(Images for object localization)
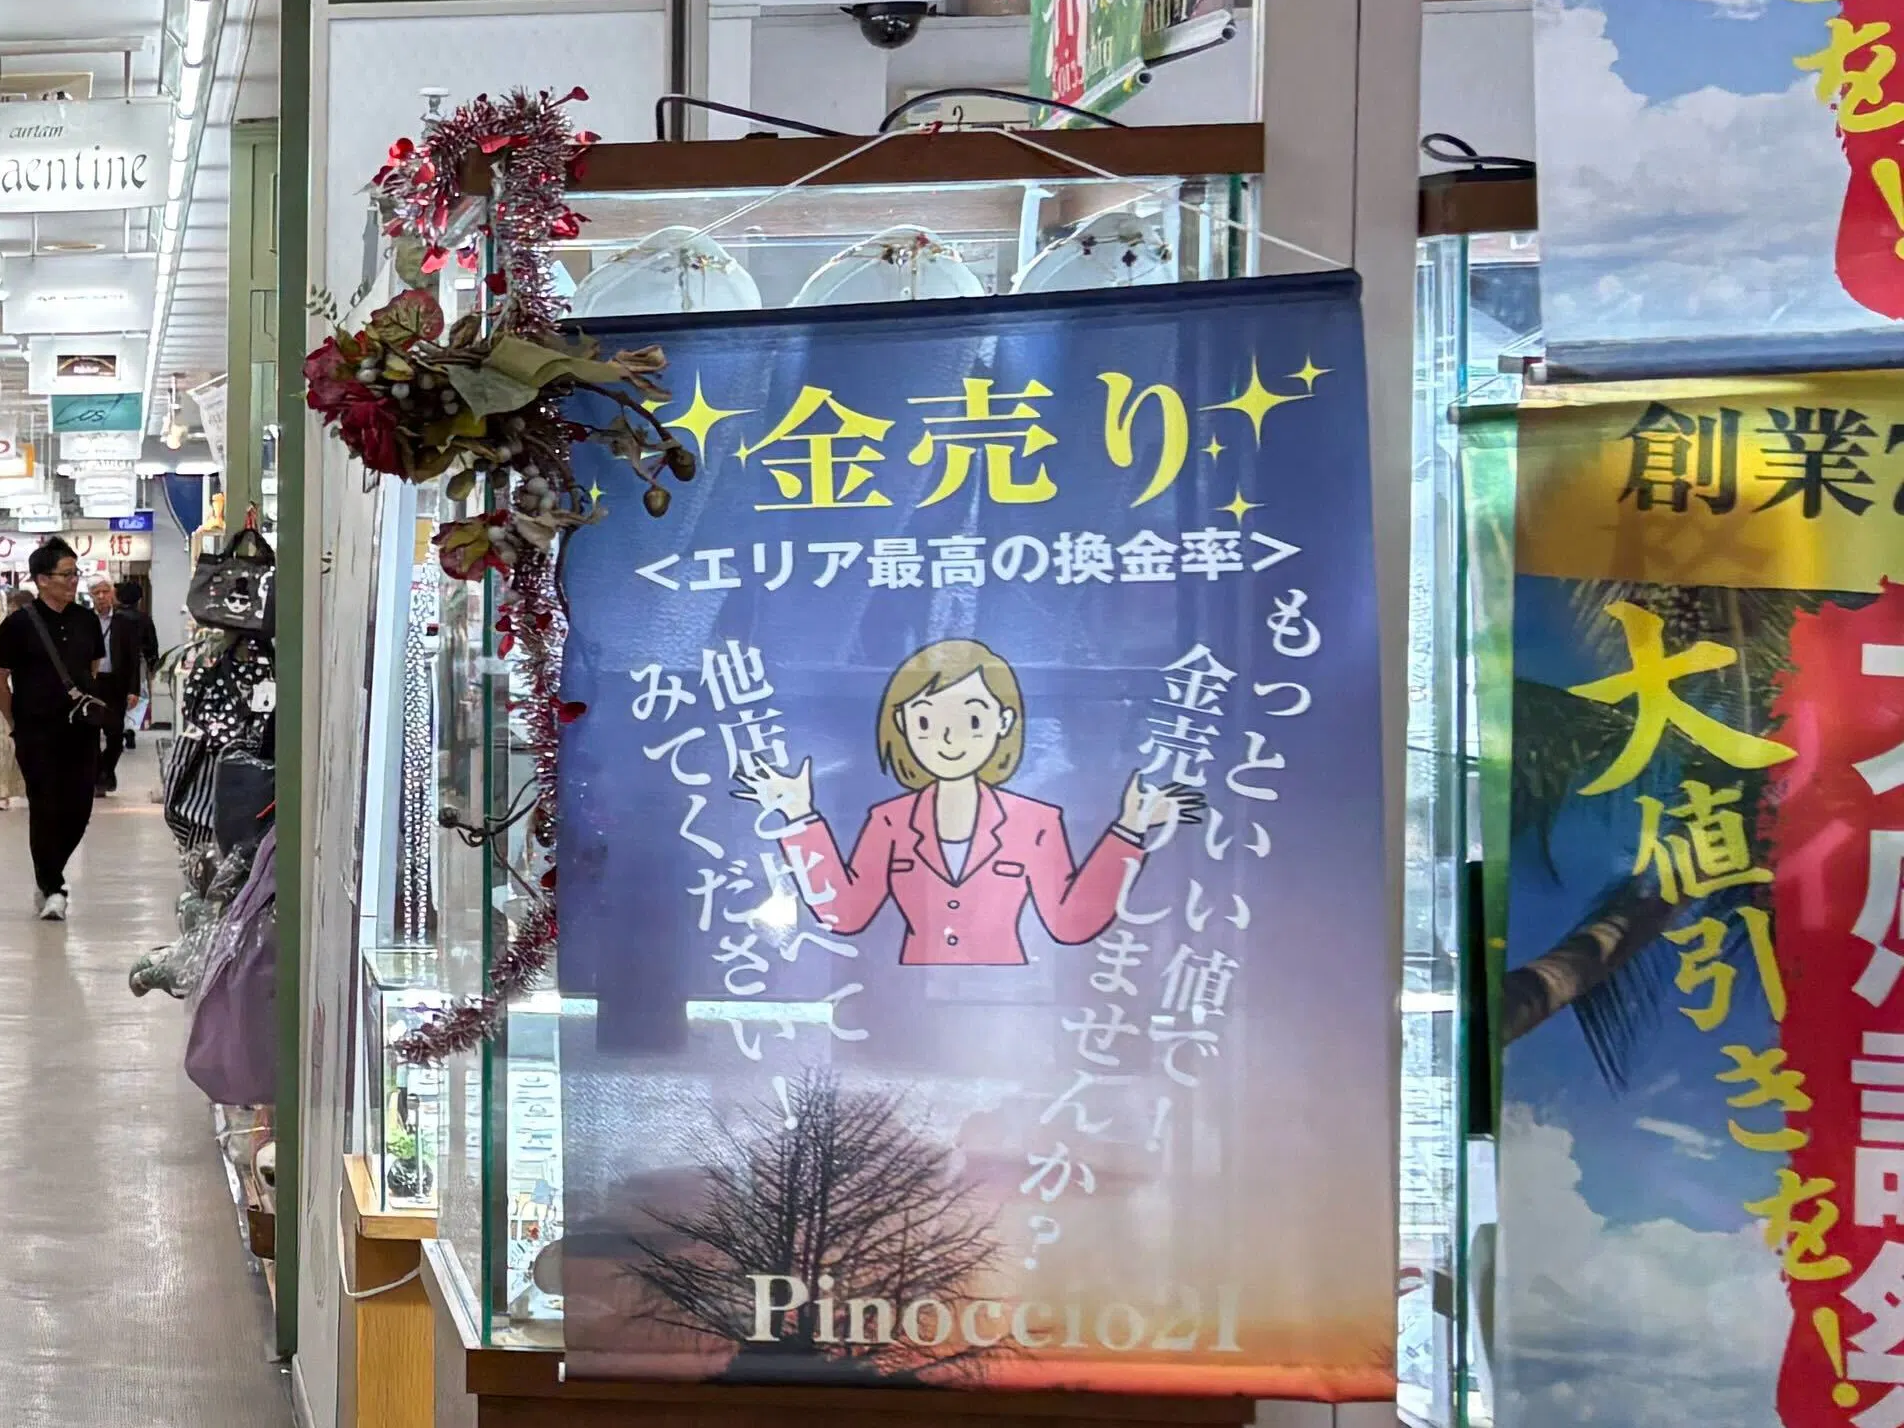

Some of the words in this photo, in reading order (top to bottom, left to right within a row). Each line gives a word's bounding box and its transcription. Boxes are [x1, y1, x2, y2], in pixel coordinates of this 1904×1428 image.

[747, 371, 1189, 512] 金売り
[1617, 401, 1904, 519] 創業
[1568, 601, 1861, 1408] 大値引きを！
[745, 1272, 1245, 1354] Pinoccio21
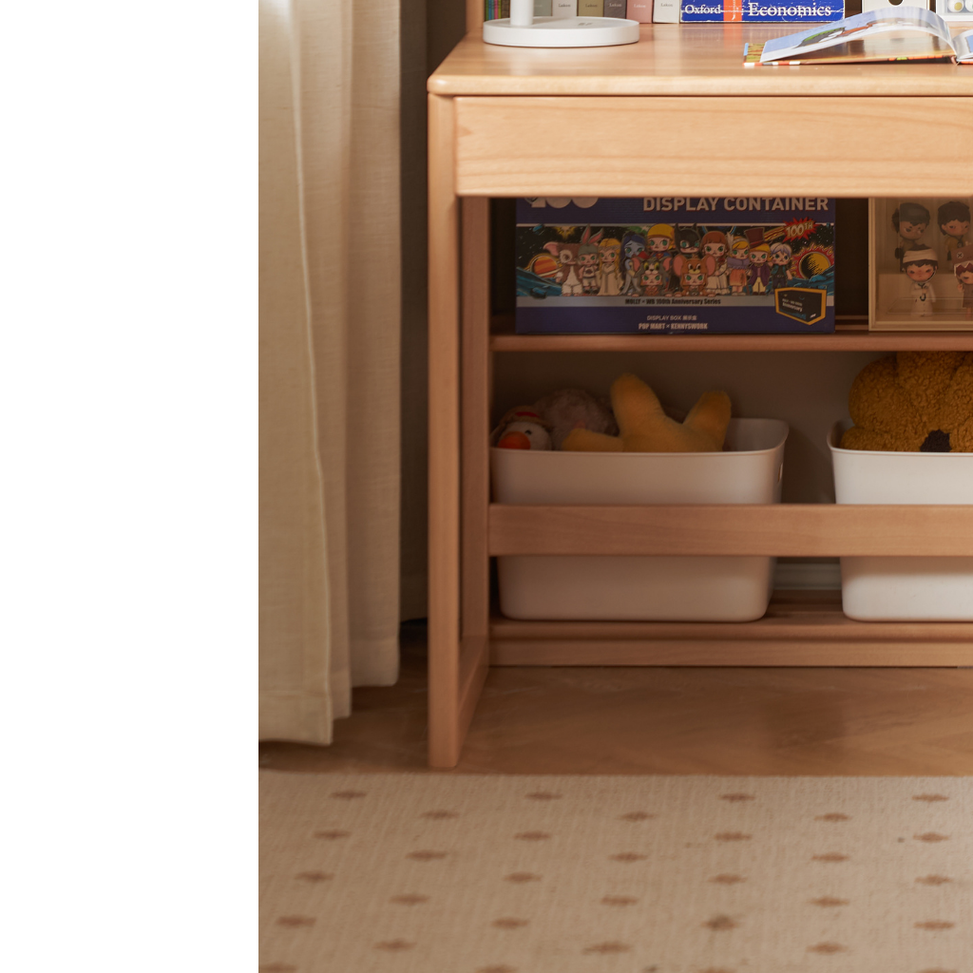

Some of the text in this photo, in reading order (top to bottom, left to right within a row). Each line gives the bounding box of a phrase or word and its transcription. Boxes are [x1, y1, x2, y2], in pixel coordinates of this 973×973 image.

[684, 3, 722, 15] Oxford
[748, 1, 832, 19] Economics
[643, 197, 829, 212] DISPLAY CONTAINER
[786, 222, 814, 237] 100TH
[671, 298, 703, 306] Anniversary
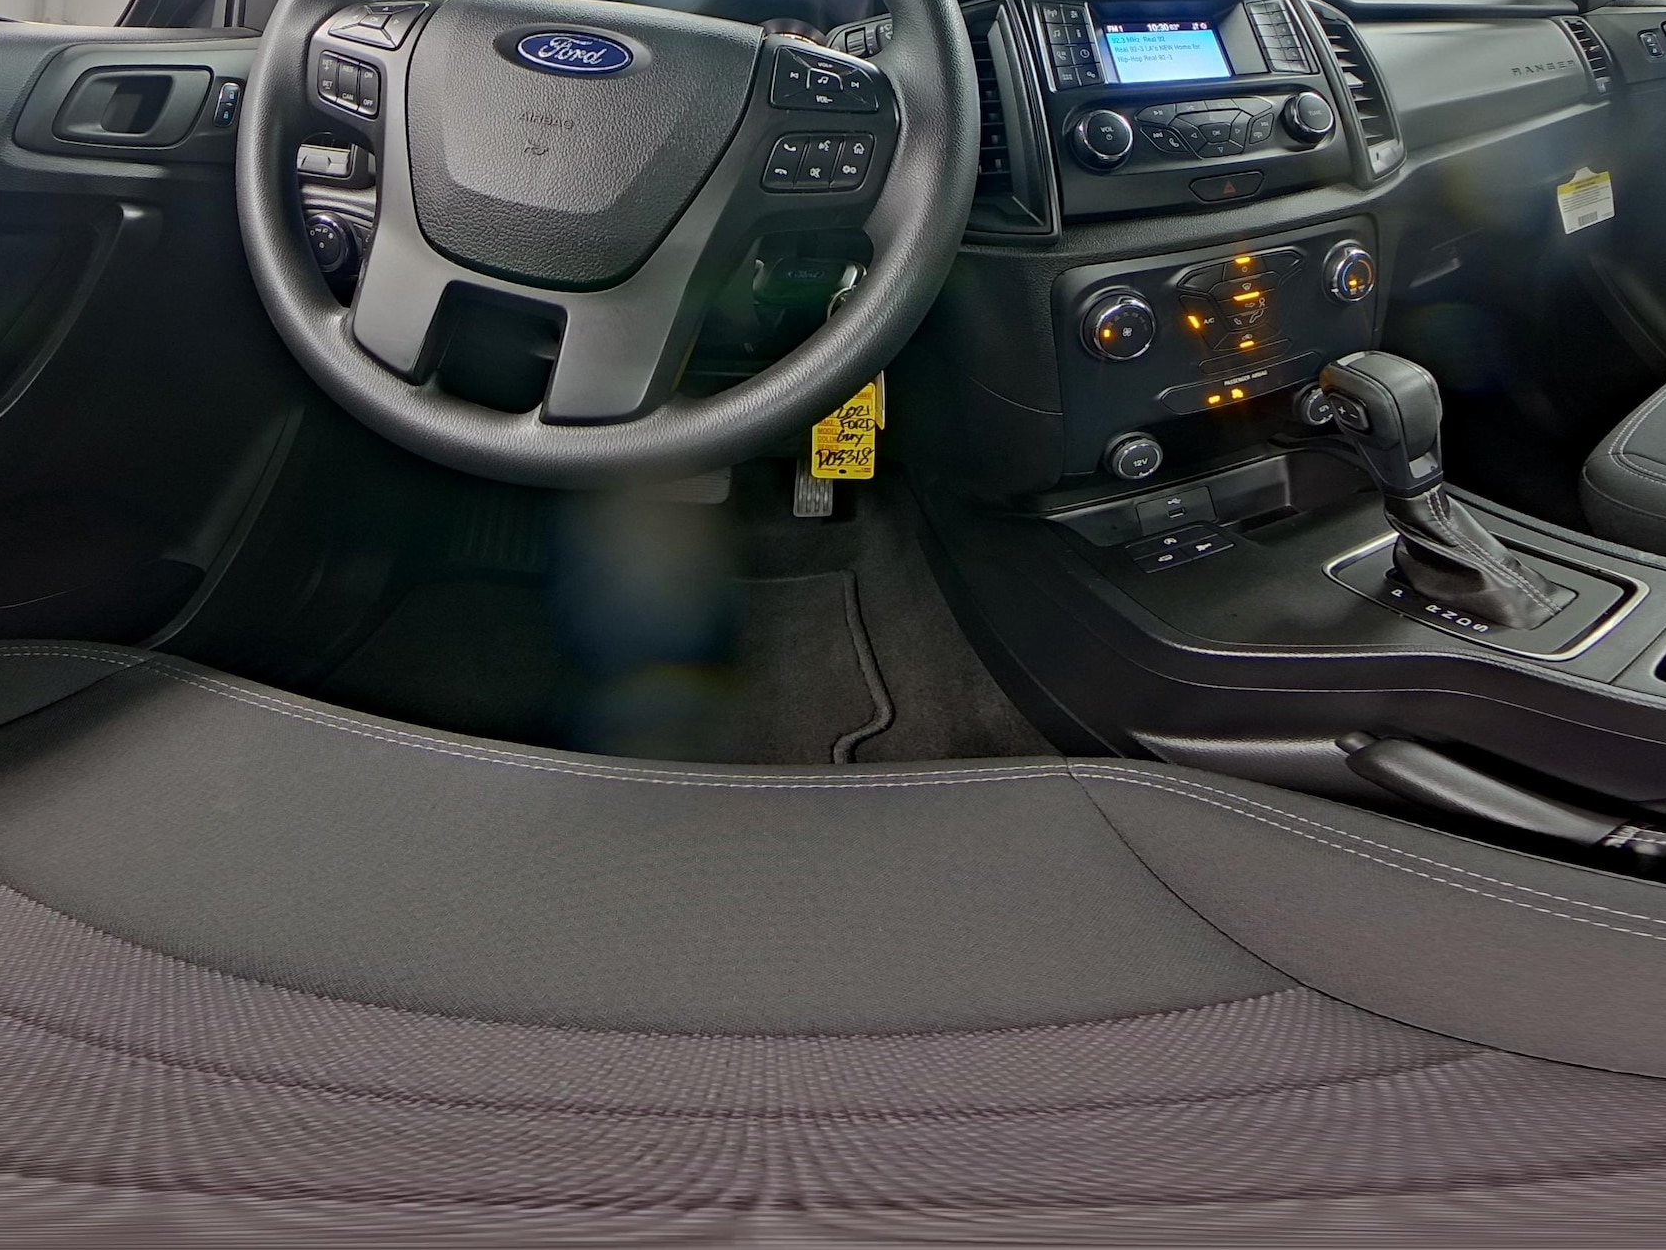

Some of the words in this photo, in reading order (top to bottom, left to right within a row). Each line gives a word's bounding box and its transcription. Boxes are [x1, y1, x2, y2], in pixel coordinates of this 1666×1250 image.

[1107, 25, 1118, 33] FM
[1146, 23, 1169, 32] 10:30
[1111, 36, 1125, 44] 92.3
[538, 36, 607, 65] Ford
[1159, 44, 1174, 52] NEW
[342, 65, 354, 73] RES
[1511, 59, 1574, 77] RANGER
[364, 71, 374, 79] ON
[342, 92, 354, 100] CAN
[363, 99, 374, 107] OFF
[517, 111, 574, 130] AIRBAG
[1100, 126, 1114, 134] VOL
[1203, 317, 1215, 325] A/C
[836, 405, 871, 420] 2021
[840, 418, 876, 432] FORD
[1132, 457, 1148, 468] 12V
[1390, 588, 1404, 598] P
[1425, 604, 1442, 613] R
[1441, 610, 1458, 620] N
[1455, 617, 1472, 627] D
[1472, 623, 1489, 633] S
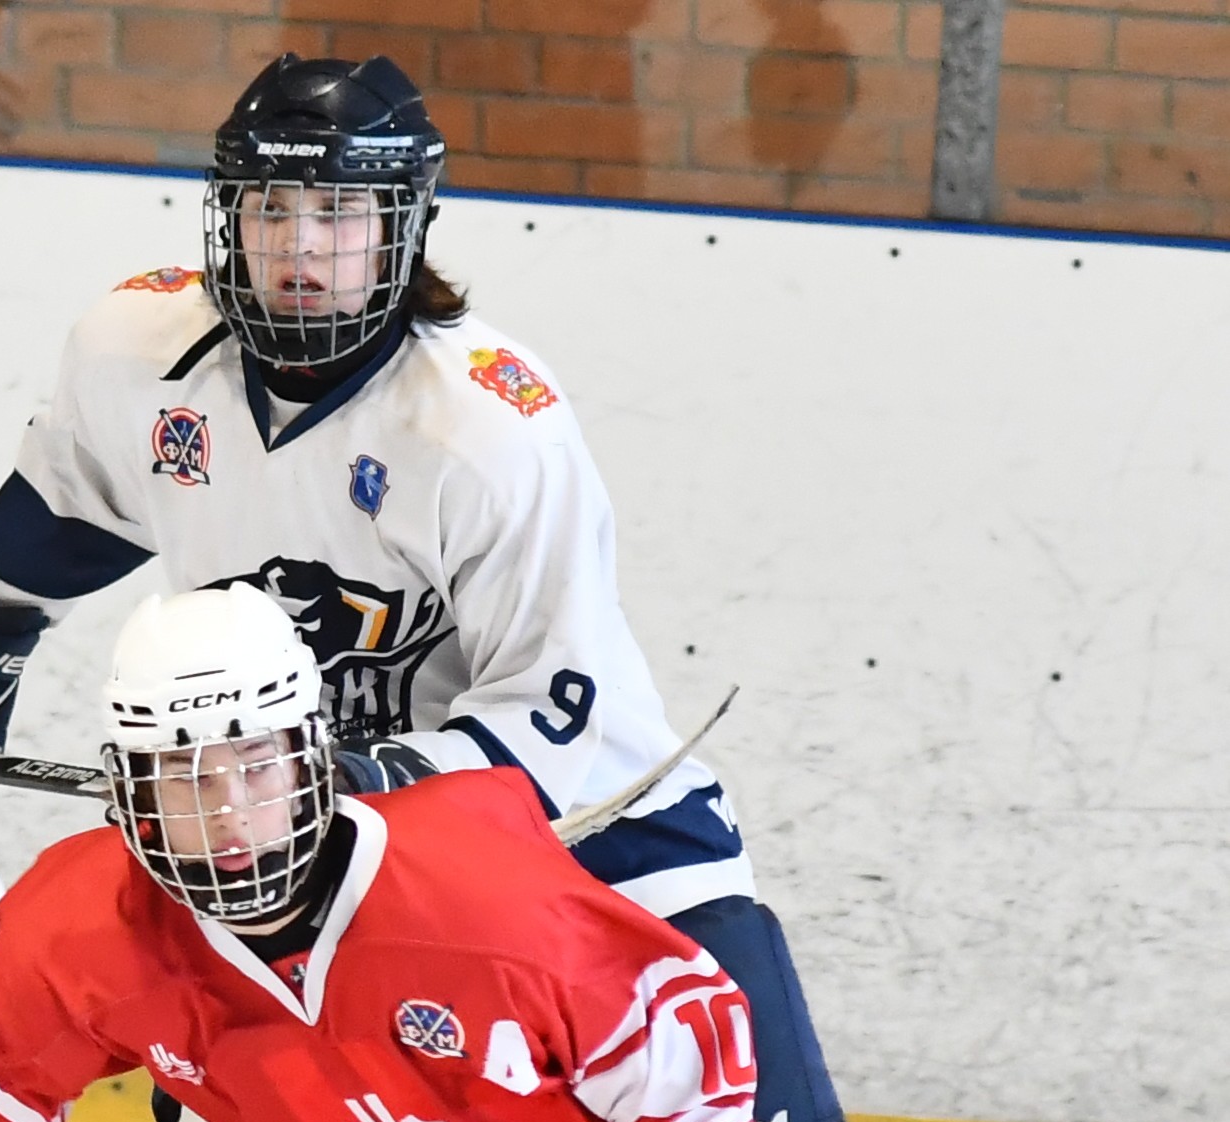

*BRIEF:*
An exact copy of all the lines above is required, with the pictures removed.

*SOLUTION BELOW:*
Some of the words in this photo, in reading order (top to bottom, left to right within a row). Each line gives a word's bounding box and its transcription. Boxes are [x1, y1, x2, y2], in pixel coordinates of this 1904×1428 image.

[747, 371, 1189, 512] 金売り
[1617, 401, 1904, 519] 創業
[1568, 601, 1861, 1408] 大値引きを！
[745, 1272, 1245, 1354] Pinoccio21

Some of the text in this photo, in reading order (top to bottom, left to right within a row). Each line gives the bounding box of a phrase or word and its transcription. Boxes are [x1, y1, x2, y2], in pixel coordinates of this 973×973 image.

[684, 3, 722, 15] Oxford
[748, 1, 832, 19] Economics
[643, 197, 829, 212] DISPLAY CONTAINER
[786, 222, 814, 237] 100TH
[671, 298, 703, 306] Anniversary

Some of the words in this photo, in reading order (top to bottom, left to right within a row). Each line gives a word's bounding box and its transcription. Boxes are [x1, y1, x2, y2], in pixel coordinates of this 1666×1250 image.

[1107, 25, 1118, 33] FM
[1146, 23, 1169, 32] 10:30
[1111, 36, 1125, 44] 92.3
[538, 36, 607, 65] Ford
[1159, 44, 1174, 52] NEW
[342, 65, 354, 73] RES
[1511, 59, 1574, 77] RANGER
[364, 71, 374, 79] ON
[342, 92, 354, 100] CAN
[363, 99, 374, 107] OFF
[517, 111, 574, 130] AIRBAG
[1100, 126, 1114, 134] VOL
[1203, 317, 1215, 325] A/C
[836, 405, 871, 420] 2021
[840, 418, 876, 432] FORD
[1132, 457, 1148, 468] 12V
[1390, 588, 1404, 598] P
[1425, 604, 1442, 613] R
[1441, 610, 1458, 620] N
[1455, 617, 1472, 627] D
[1472, 623, 1489, 633] S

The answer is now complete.